Насчет Хромополка я ошибся. Он не оставил меня в покое. Он вошел в нашу жизнь, как таран. Крупно и круто.
Он, как оказалось, познакомился с Сашкой еще до того, как встретился со мной. Когда он впервые подкараулил меня при выходе с работы, они уже чуть ли не в друзьях ходили. Узнав об этом, я, как положено, взбесился и бушевал на протяжение добрых двух недель — не меньше. Неужели я, действительно, напророчил нам детективную судьбу с трагическим финалом. Ну нет, мои миленькие господа! Ничего у вас не выйдет!
Сына я вам не отдам.
А если уж что и не так, если уж что и начнет у вас выламываться, если уж и клюнет как-то сынок на ваше бестрепетное красноблудие, если уж и попадется к вам на крючок, то что ж…
То что ж?..
То лучше разом оборвать все. И свадьбу эту поповскую, и свое проклятое еврейство, и проклятие своей бестолковой, трусливой и ленивой жизни, в которой не было ничего, кроме никчемности самоистязания, перманентного самопредательства, воя на луну и при свечах, и бездумного животного зачатия, и последующей за ним такой же праздноликой и лживой женитьбы… И вот плод. И вот он — плод.

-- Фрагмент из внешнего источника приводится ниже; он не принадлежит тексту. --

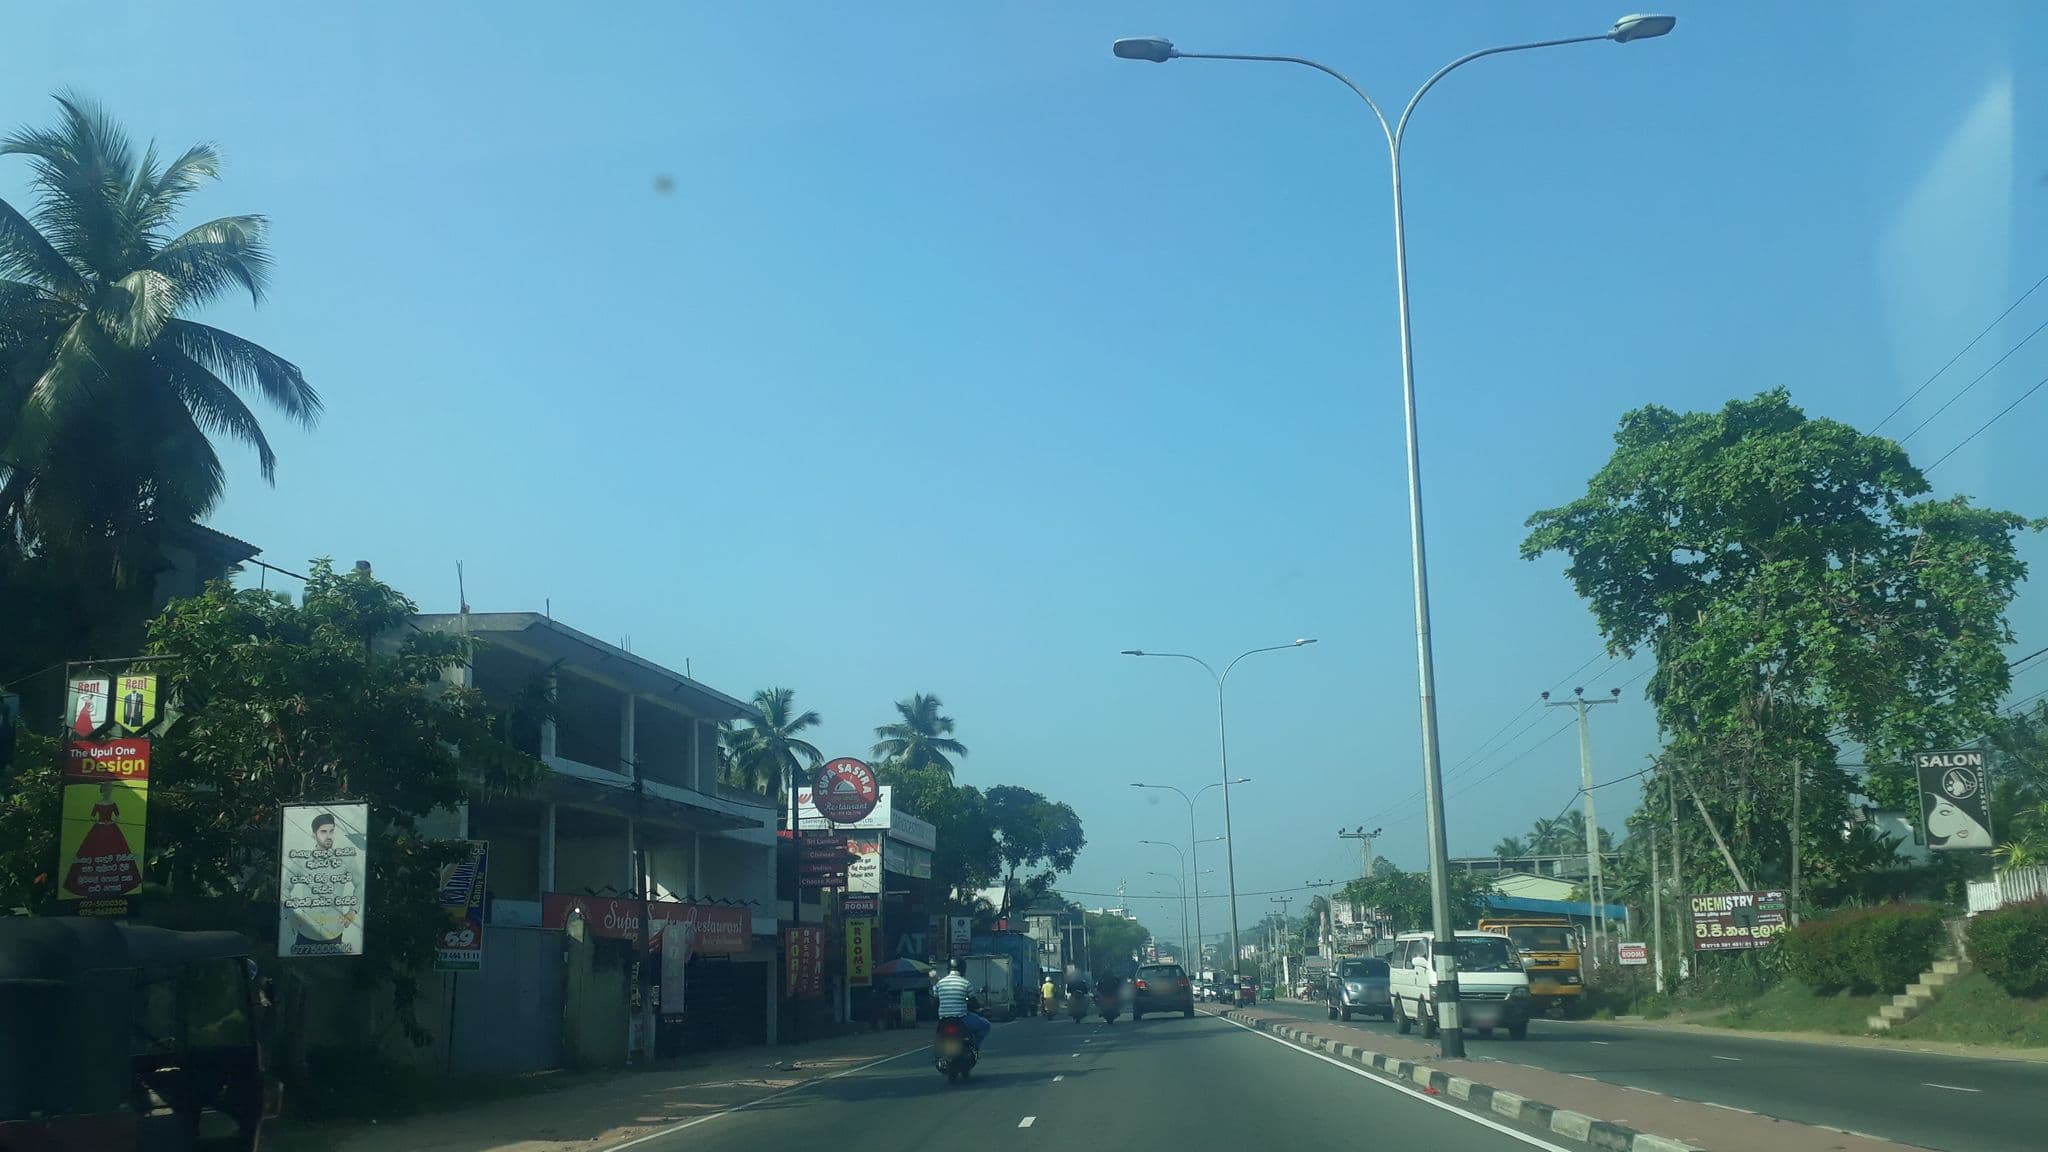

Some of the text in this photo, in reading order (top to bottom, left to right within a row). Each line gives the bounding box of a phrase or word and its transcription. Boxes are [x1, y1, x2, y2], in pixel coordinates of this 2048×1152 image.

[78, 681, 100, 693] Rent
[125, 678, 147, 690] Rent
[70, 746, 136, 758] The Upul One
[1920, 754, 1982, 767] SALON
[82, 757, 145, 775] Design
[819, 763, 872, 796] SUPA SASTRA
[1692, 895, 1754, 912] CHEMISTRY
[604, 901, 640, 934] Supa
[854, 927, 864, 974] ROOMS
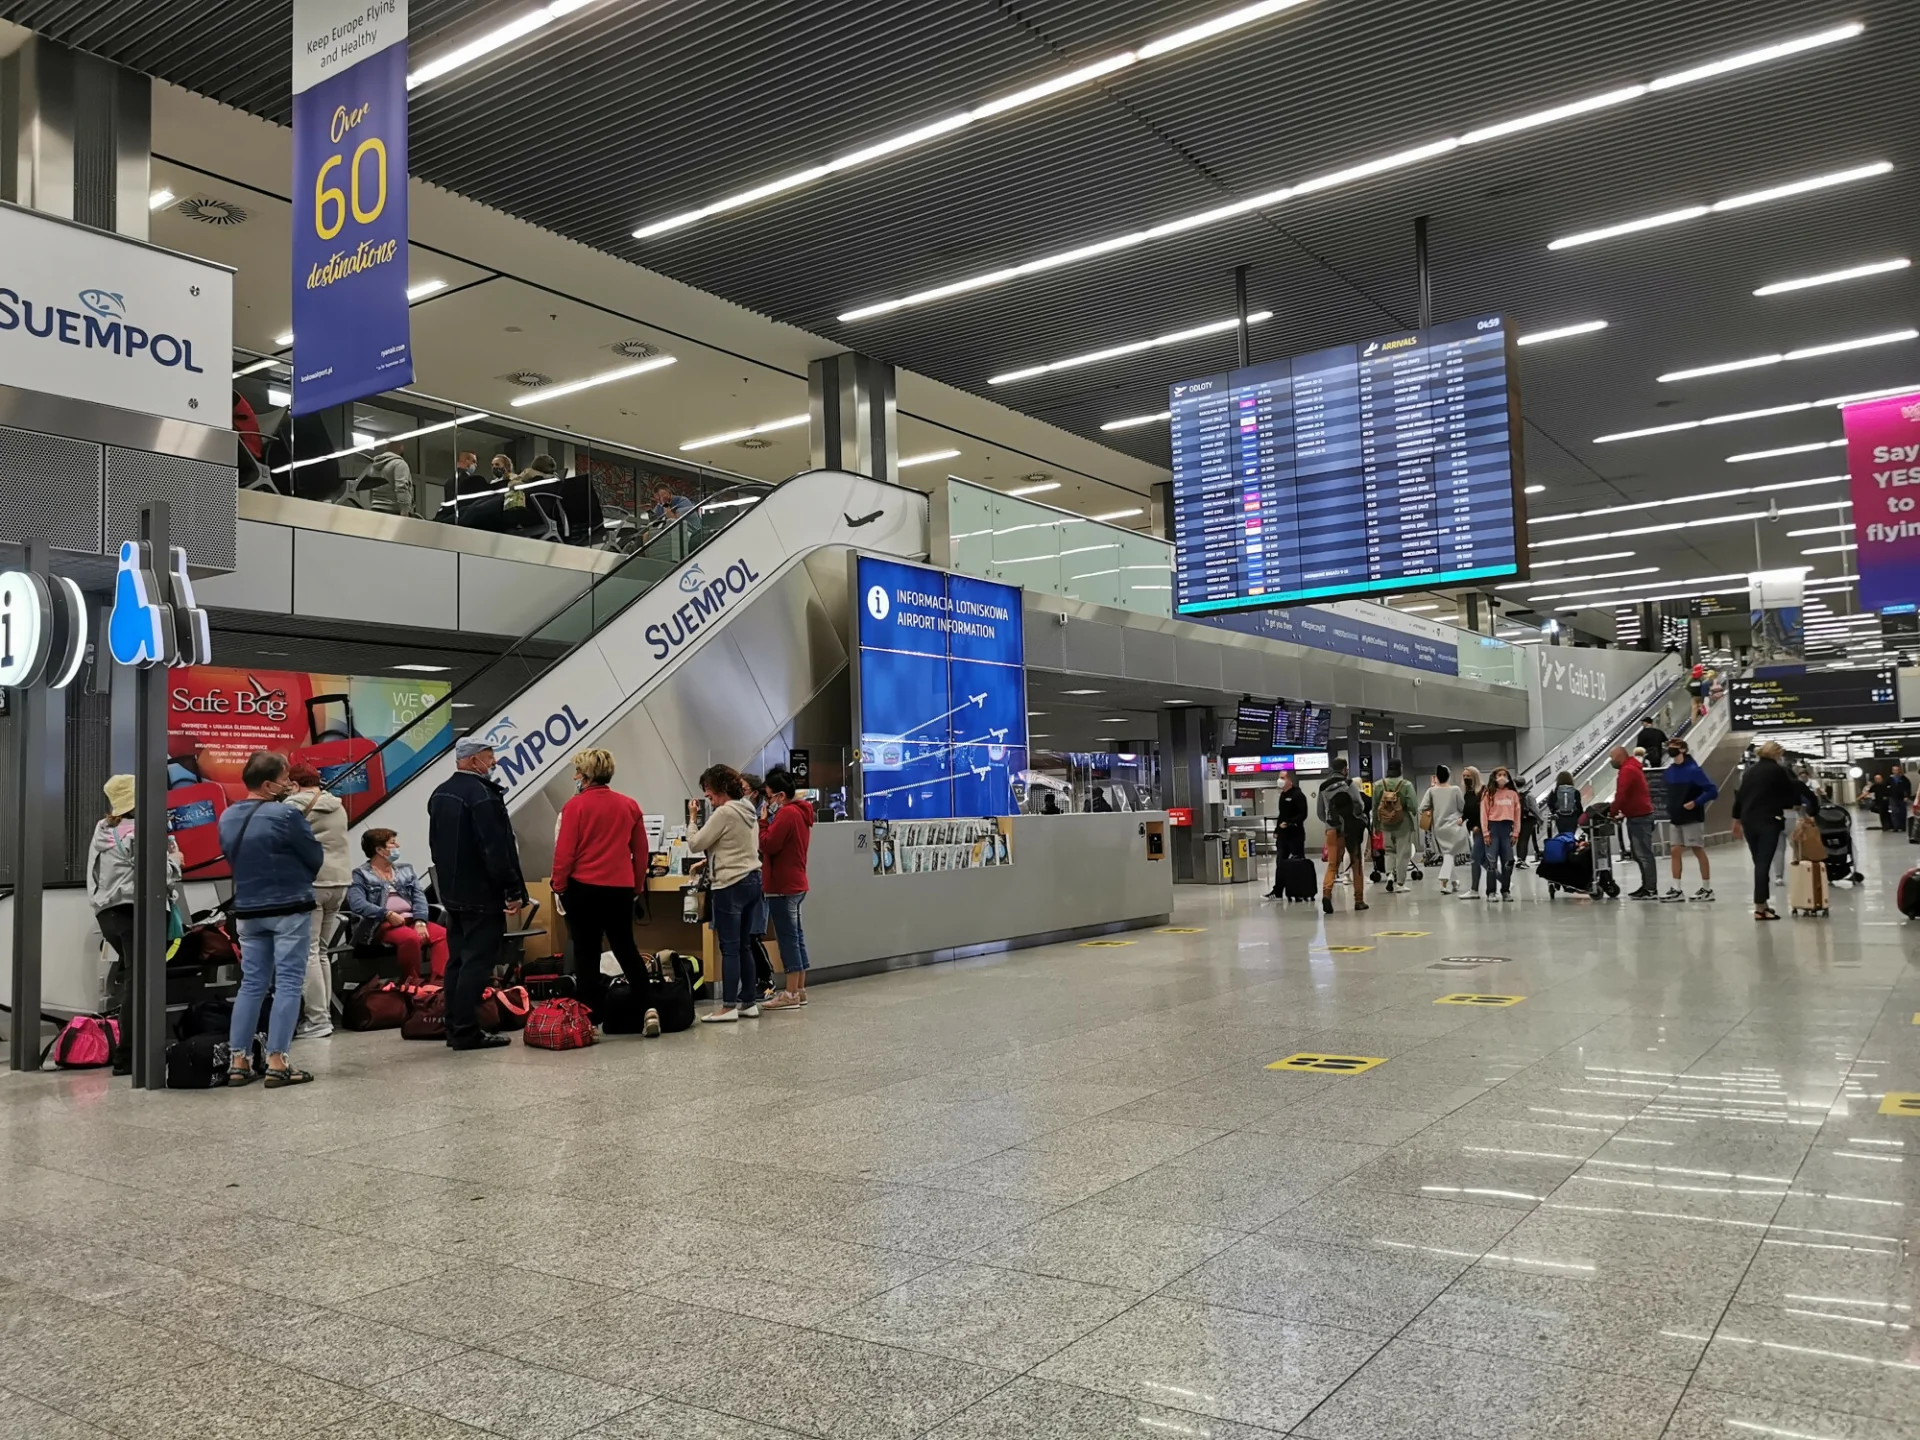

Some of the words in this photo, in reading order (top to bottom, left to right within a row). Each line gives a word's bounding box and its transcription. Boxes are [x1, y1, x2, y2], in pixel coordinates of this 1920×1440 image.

[307, 35, 329, 54] Keep
[332, 15, 363, 41] Europe
[367, 0, 395, 21] Flying
[320, 47, 338, 68] and
[341, 29, 377, 57] Healthy
[330, 102, 370, 143] Over
[315, 137, 387, 240] 60
[306, 238, 397, 290] destinations
[0, 287, 203, 374] SUEMPOL
[1381, 336, 1417, 351] ARRIVALS
[380, 344, 405, 358] ryanair.com
[1189, 381, 1213, 393] ODLOTY
[1872, 444, 1920, 463] Say
[1872, 466, 1920, 489] YES
[1887, 496, 1915, 513] to
[645, 558, 759, 660] SUEMPOL
[896, 589, 954, 612] INFORMACJA
[956, 599, 1009, 621] LOTNISKOWA
[897, 611, 935, 630] AIRPORT
[937, 618, 995, 640] INFORMATION
[1283, 621, 1293, 631] there
[1568, 663, 1589, 698] Gate
[1589, 669, 1607, 702] 1-18
[171, 687, 230, 714] Safe
[233, 690, 288, 721] Bag
[392, 691, 419, 708] WE
[1752, 712, 1778, 720] Check-in

Мы пришли к ним в гости. Пасха, вроде, была, и Кэрен пригласила нас на пасхальный обед. Сняли плащи, поздоровались. Нинуля с Кэрен поцеловались. Ничего. Все, как обычно.
Входим в гостиную. Я зачем-то еще в кухне задержался. Они купили новый высокий табурет, как для бара, я задержался посмотреть. Похвалил покупку. То да се. Тоже, как обычно. Вхожу в гостиную. В гостиную вхожу — и глазам не верю. Он, Хромополк, пиво потягивает. Не мираж ли? Ты-то как здесь очутился?

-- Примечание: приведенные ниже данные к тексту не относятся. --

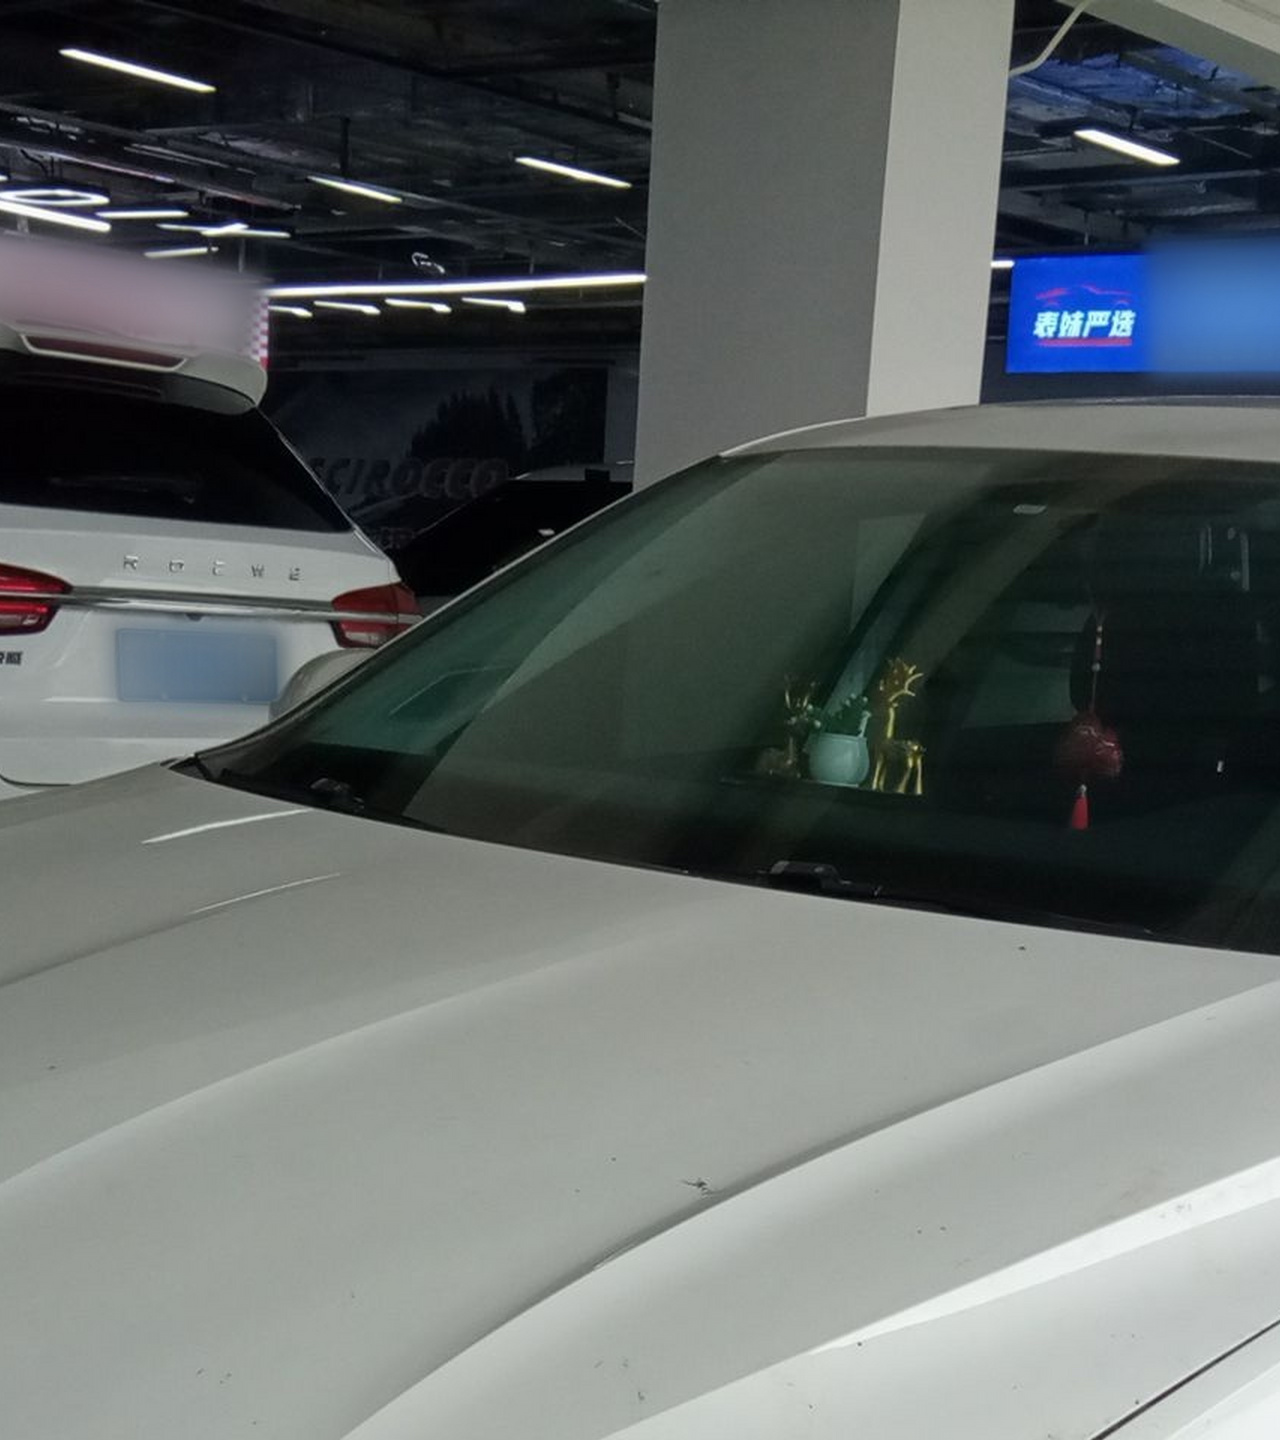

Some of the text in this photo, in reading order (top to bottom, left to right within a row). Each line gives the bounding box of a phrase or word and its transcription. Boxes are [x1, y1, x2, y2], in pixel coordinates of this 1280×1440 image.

[1032, 310, 1136, 338] 表妹严选
[123, 555, 302, 582] ROEWE

— А вы уже знакомы? — Сашок тоже слегка опешил.
То есть, что значит тоже? Я-то не просто опешил — я озверел. Я готов был тут же вцепиться в него и выволочить прочь. Вон отсюда к едрени бабушке, куда угодно, к чертям собачьим! Вон из этого дома! Вон — и чтоб духу твоего впредь здесь не было!..
Он встал мне навстречу, лицо плывет, улыбка до ушей, — и руку тянет для пожатия. А что я делаю? Плюю в нее? Прохожу мимо, как ни в чем не бывало? Нет, протягиваю свою. Правда, лениво, нехотя, едва коснувшись. Но все же. Все же я не крикнул, не плюнул, не нагрубил, не прошел мимо. Все же я ничтожен. Культурно ничтожен, ибо тут важно не само рукопожатие, а его штрих, жест, росчерк. Расписка в капитуляции. Трусость.
— Ты как попал сюда?
— Да вот, был у них на фирме. Переводчика дали.
— Переводчика?!
— Да, переводчика. А что?..
— Да ты ведь шпаришь по-английски лучше меня.
— Шпарю-то я шпарю, а технического словаря — кот наплакал. Спасибо вот тезка выручает.
— Тезка?!
— Ну да, твой — сын, мой — тезка. Мы ведь оба — Александры.
— Америку открываешь?
— В каком смысле?
— В золотом.
Тут Сашка не выдержал и прыснул смешком.
— Ты чего это, тезка? — деланно спросил Хромополк и также деланно расплываясь в улыбке, подмигнул мне. Мол, видишь какие мы, только и делаем, что детей смешим.
Я тоже не удержался от улыбки, подумав с горечью о том, как все же нелепа моя вечная нервозность.
Сашка всегда действовал на меня отрезвляюще. Вот так хихикнет, прыснет в кулачок своим приглушенным смешком — и разденет догола. Вроде, никакой ты уже не отец, а так, голое хилое тело. И стыдно станет вдруг, и смешно, и горько. И не знаешь уже, что делать со своей нелепой, словно на песке взращенной, свирепостью.
Весь обед прошел на переменной амплитуде между плохо скроенным иносказательным зубоскальством и полувежливой, полуиронической капитуляцией. Самому себе я был противен, так как выглядел нудным, ворчливым и задиристым стариканом. Боясь сказать отрыто о своих подозрениях, я задавал вопросы-уловители. А он отвечал так, словно, разгадав их подоплеку, согласен быть уловленным.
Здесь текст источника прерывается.